Extracted records =

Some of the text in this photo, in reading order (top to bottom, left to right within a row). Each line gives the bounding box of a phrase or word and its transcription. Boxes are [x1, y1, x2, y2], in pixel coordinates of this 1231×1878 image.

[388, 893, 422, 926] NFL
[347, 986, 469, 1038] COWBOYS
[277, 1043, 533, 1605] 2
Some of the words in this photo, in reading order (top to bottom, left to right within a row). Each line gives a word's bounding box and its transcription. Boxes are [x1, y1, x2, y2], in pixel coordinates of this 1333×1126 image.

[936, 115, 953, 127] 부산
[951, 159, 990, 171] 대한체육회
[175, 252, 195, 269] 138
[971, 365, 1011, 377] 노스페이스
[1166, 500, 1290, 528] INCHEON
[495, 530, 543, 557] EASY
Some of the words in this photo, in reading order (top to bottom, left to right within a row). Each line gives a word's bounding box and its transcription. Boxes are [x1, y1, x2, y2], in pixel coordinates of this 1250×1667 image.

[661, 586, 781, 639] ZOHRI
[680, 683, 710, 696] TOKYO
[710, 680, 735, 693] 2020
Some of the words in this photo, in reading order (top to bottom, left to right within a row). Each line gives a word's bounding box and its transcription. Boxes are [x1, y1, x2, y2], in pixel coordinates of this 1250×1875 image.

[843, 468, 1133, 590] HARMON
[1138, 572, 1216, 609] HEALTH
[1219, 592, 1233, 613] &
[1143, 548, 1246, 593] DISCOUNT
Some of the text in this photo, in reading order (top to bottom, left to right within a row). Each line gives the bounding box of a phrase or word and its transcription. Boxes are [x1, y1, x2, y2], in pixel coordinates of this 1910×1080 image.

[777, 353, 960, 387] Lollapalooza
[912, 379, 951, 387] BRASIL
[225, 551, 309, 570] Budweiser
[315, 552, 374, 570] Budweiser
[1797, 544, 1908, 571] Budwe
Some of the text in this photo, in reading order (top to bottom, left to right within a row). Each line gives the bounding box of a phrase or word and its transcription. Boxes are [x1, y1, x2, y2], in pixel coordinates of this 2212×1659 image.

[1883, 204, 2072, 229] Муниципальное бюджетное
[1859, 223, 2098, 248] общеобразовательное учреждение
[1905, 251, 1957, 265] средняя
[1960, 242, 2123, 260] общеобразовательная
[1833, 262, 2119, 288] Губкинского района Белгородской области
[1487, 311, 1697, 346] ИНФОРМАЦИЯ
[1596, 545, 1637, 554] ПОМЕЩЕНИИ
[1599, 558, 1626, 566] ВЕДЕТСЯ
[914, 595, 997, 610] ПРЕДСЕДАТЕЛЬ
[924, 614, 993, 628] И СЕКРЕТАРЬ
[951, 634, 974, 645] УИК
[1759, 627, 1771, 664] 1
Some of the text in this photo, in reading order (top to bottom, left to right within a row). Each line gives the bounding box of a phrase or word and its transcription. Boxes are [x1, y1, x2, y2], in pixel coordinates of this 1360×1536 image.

What this task involves =
For each entry above, please make an exact copy.

Output below =
Some of the text in this photo, in reading order (top to bottom, left to right within a row). Each line gives the bounding box of a phrase or word and its transcription. Boxes are [x1, y1, x2, y2], in pixel coordinates of this 1231×1878 image.

[388, 893, 422, 926] NFL
[347, 986, 469, 1038] COWBOYS
[277, 1043, 533, 1605] 2
Some of the words in this photo, in reading order (top to bottom, left to right within a row). Each line gives a word's bounding box and its transcription. Boxes are [x1, y1, x2, y2], in pixel coordinates of this 1333×1126 image.

[936, 115, 953, 127] 부산
[951, 159, 990, 171] 대한체육회
[175, 252, 195, 269] 138
[971, 365, 1011, 377] 노스페이스
[1166, 500, 1290, 528] INCHEON
[495, 530, 543, 557] EASY
Some of the words in this photo, in reading order (top to bottom, left to right within a row). Each line gives a word's bounding box and its transcription. Boxes are [x1, y1, x2, y2], in pixel coordinates of this 1250×1667 image.

[661, 586, 781, 639] ZOHRI
[680, 683, 710, 696] TOKYO
[710, 680, 735, 693] 2020
Some of the words in this photo, in reading order (top to bottom, left to right within a row). Each line gives a word's bounding box and its transcription. Boxes are [x1, y1, x2, y2], in pixel coordinates of this 1250×1875 image.

[843, 468, 1133, 590] HARMON
[1138, 572, 1216, 609] HEALTH
[1219, 592, 1233, 613] &
[1143, 548, 1246, 593] DISCOUNT
Some of the text in this photo, in reading order (top to bottom, left to right within a row). Each line gives the bounding box of a phrase or word and its transcription. Boxes are [x1, y1, x2, y2], in pixel coordinates of this 1910×1080 image.

[777, 353, 960, 387] Lollapalooza
[912, 379, 951, 387] BRASIL
[225, 551, 309, 570] Budweiser
[315, 552, 374, 570] Budweiser
[1797, 544, 1908, 571] Budwe
Some of the text in this photo, in reading order (top to bottom, left to right within a row). Each line gives the bounding box of a phrase or word and its transcription. Boxes are [x1, y1, x2, y2], in pixel coordinates of this 2212×1659 image.

[1883, 204, 2072, 229] Муниципальное бюджетное
[1859, 223, 2098, 248] общеобразовательное учреждение
[1905, 251, 1957, 265] средняя
[1960, 242, 2123, 260] общеобразовательная
[1833, 262, 2119, 288] Губкинского района Белгородской области
[1487, 311, 1697, 346] ИНФОРМАЦИЯ
[1596, 545, 1637, 554] ПОМЕЩЕНИИ
[1599, 558, 1626, 566] ВЕДЕТСЯ
[914, 595, 997, 610] ПРЕДСЕДАТЕЛЬ
[924, 614, 993, 628] И СЕКРЕТАРЬ
[951, 634, 974, 645] УИК
[1759, 627, 1771, 664] 1
Some of the text in this photo, in reading order (top to bottom, left to right within a row). Each line gives the bounding box of a phrase or word and its transcription. Boxes are [x1, y1, x2, y2], in pixel coordinates of this 1360×1536 image.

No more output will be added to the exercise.